Outsource it to a PEO.. And watch your business profits skyrocket!

Written by Steve Hartung


Outsource It to a PEO! And watch your small business profits skyrocket.

Entrepreneurs know that starting and running a successful business is hard work. They also know that growing a small business is like a marathon - long, time-consuming and grueling.

However, what many entrepreneurs don't expect is thatrepparttar experience can be like a hurdling event. These hurdles often appear as endless administrative forms, tax reports, and compliance with ever-changing workplace regulations. Asrepparttar 106752 race continues,repparttar 106753 obstacles get taller, especially in administering benefits and competing with large companies to recruit and retain talented employees. Before long, many entrepreneurs are unable to concentrate onrepparttar 106754 business, and they lose speed. Consequently, a growing number of business owners are turning to Professional Employment Organizations (P.E.O.s) to remove these hurdles.

P.E.O.s were born out ofrepparttar 106755 frustration many small business owners experience when administrative work inhibitsrepparttar 106756 ability to grow an organization. To overcome that challenge, a business and a P.E.O. enter into what is called a "co-employer" relationship withrepparttar 106757 existing employees, enablingrepparttar 106758 P.E.O. to serve asrepparttar 106759 business off-site human resources department.

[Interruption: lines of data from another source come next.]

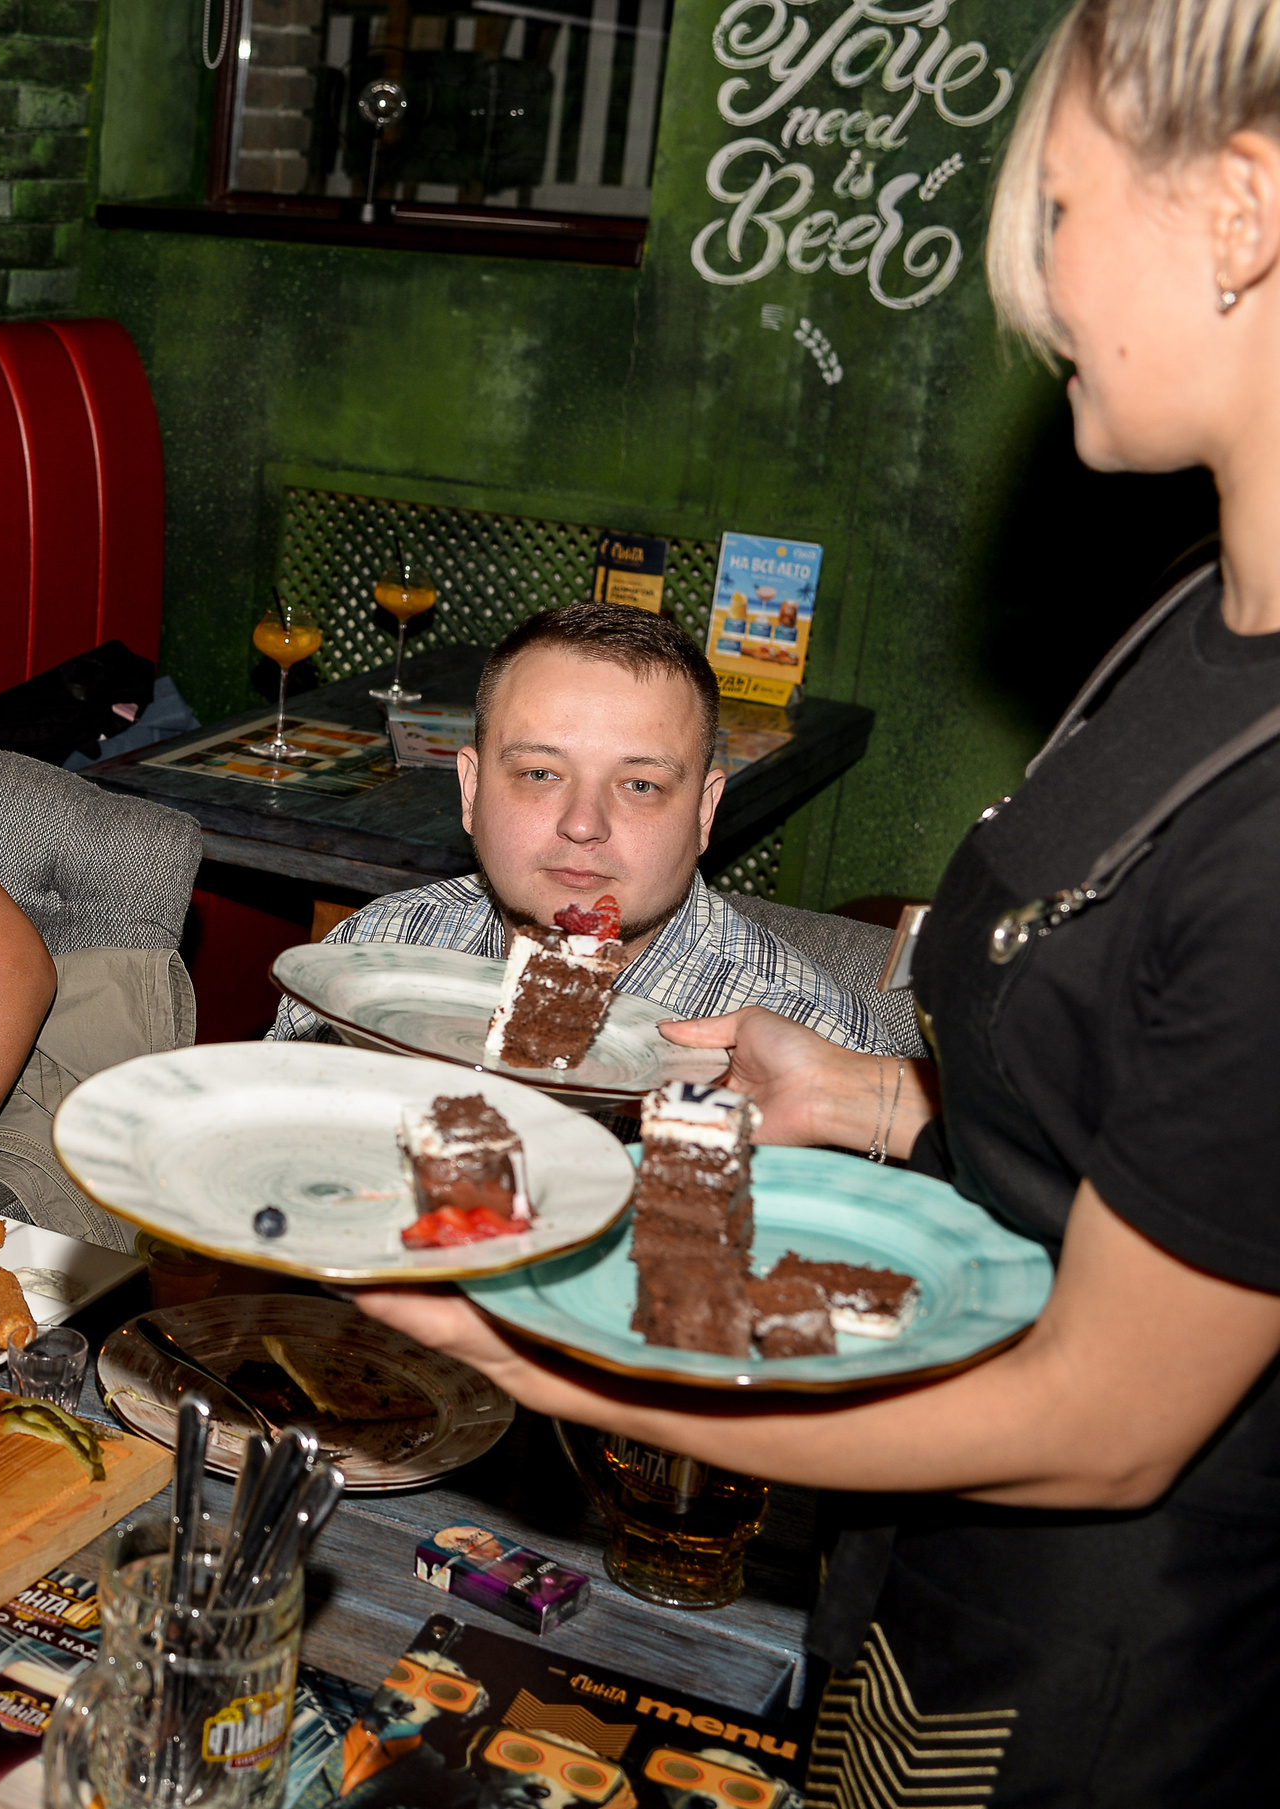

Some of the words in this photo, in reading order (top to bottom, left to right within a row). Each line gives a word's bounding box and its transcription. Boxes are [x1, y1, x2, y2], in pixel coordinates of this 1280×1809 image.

[780, 88, 920, 151] need
[832, 149, 875, 199] is
[690, 137, 963, 310] Beer
[729, 555, 750, 570] НА
[751, 557, 774, 574] ВСЕ
[776, 562, 812, 580] ЛЕТО
[13, 1619, 55, 1641] КАК
[636, 1696, 798, 1761] menu

According torepparttar 106760 National Association of Professional Employer Organizations (NAPEO) (www.napeo.org), there are three principal reasons whyrepparttar 106761 P.E.O. industry continues to grow rapidly. Chief among them isrepparttar 106762 increase inrepparttar 106763 number and complexity of workplace regulations (there are currently estimated to be more than 4,000 local, state and federal employment regulations).

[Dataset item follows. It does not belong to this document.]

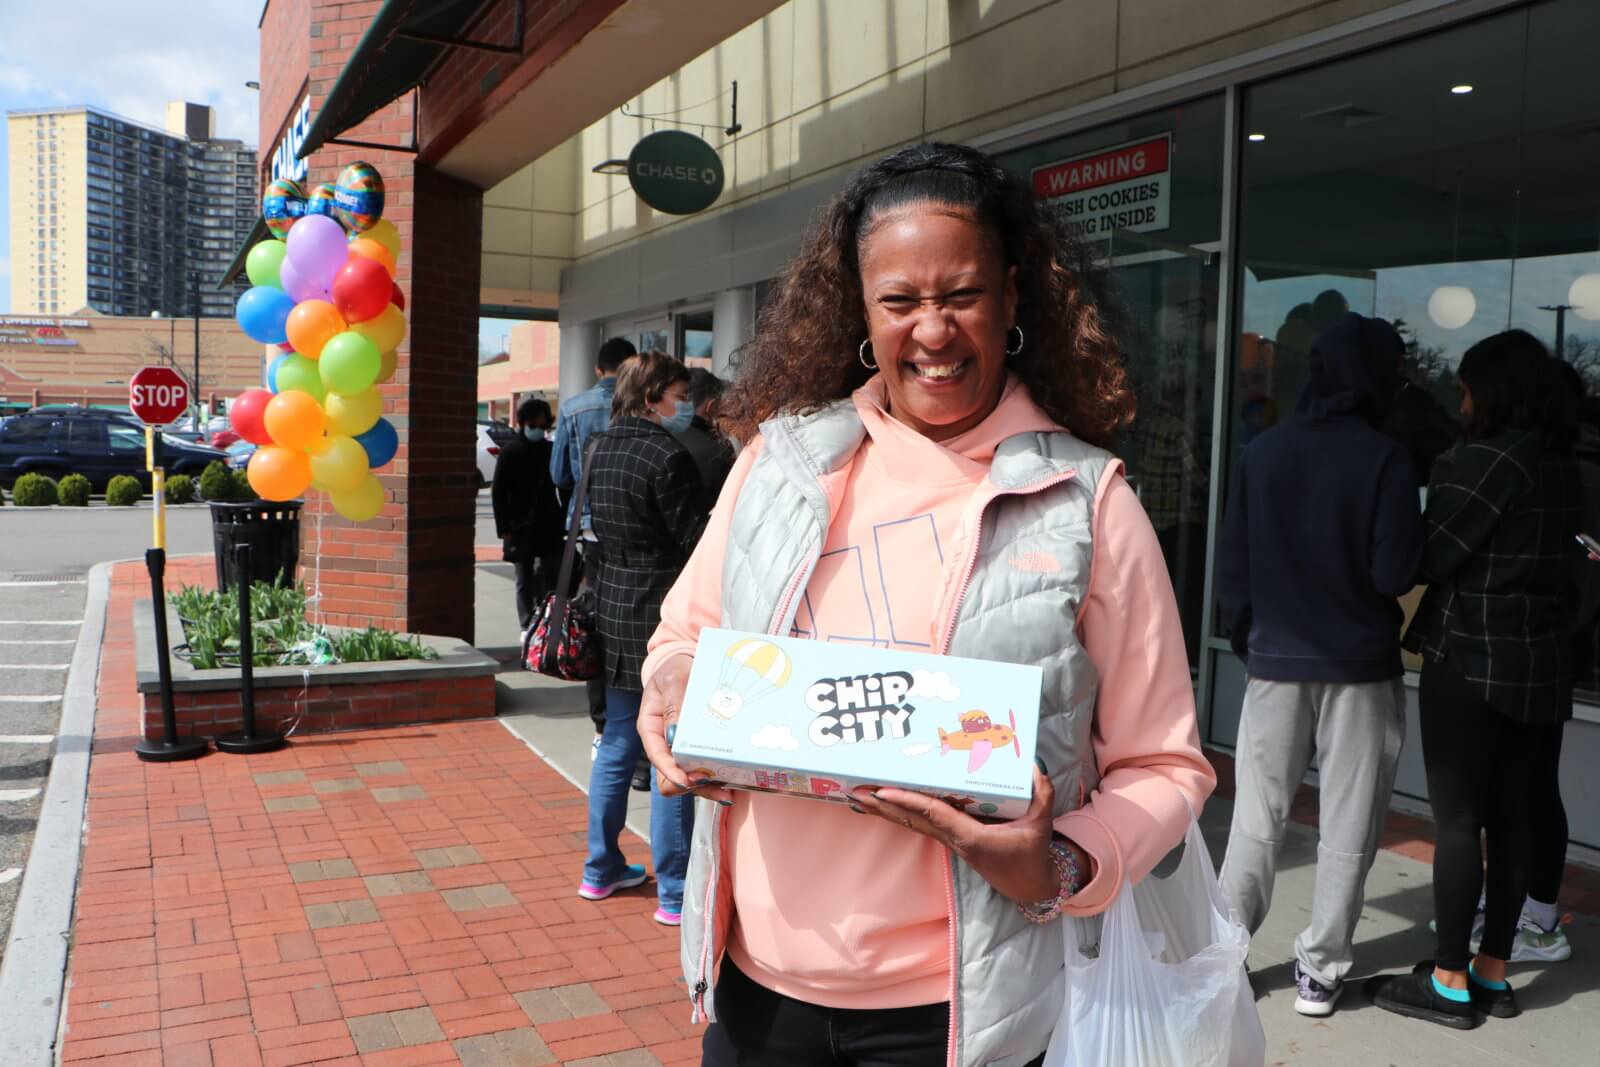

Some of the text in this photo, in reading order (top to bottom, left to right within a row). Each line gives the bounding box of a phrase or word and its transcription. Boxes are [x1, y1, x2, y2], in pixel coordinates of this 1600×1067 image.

The second underlying factor stems fromrepparttar 106764 need of business owners to attract and retain superior talent in a competitive labor market. For example, with a full-service P.E.O., employees at small and medium sized businesses have access to big company health plans, an employee assistance plan (EAP), a credit-union, educational assistance, a 401K plan, and other employee benefits that previously may have been unavailable.

Third, business owners seeking to control their operating costs are turning to P.E.O.s to help them better manage administrative expenses.

P.E.O.s offer a variety of services. On a basic level, most P.E.O.s assume responsibility for business payroll and related tax filings, unemployment and workers compensation claims, employer regulatory compliance, and for providing basic benefits such as a 401K plan and health insurance.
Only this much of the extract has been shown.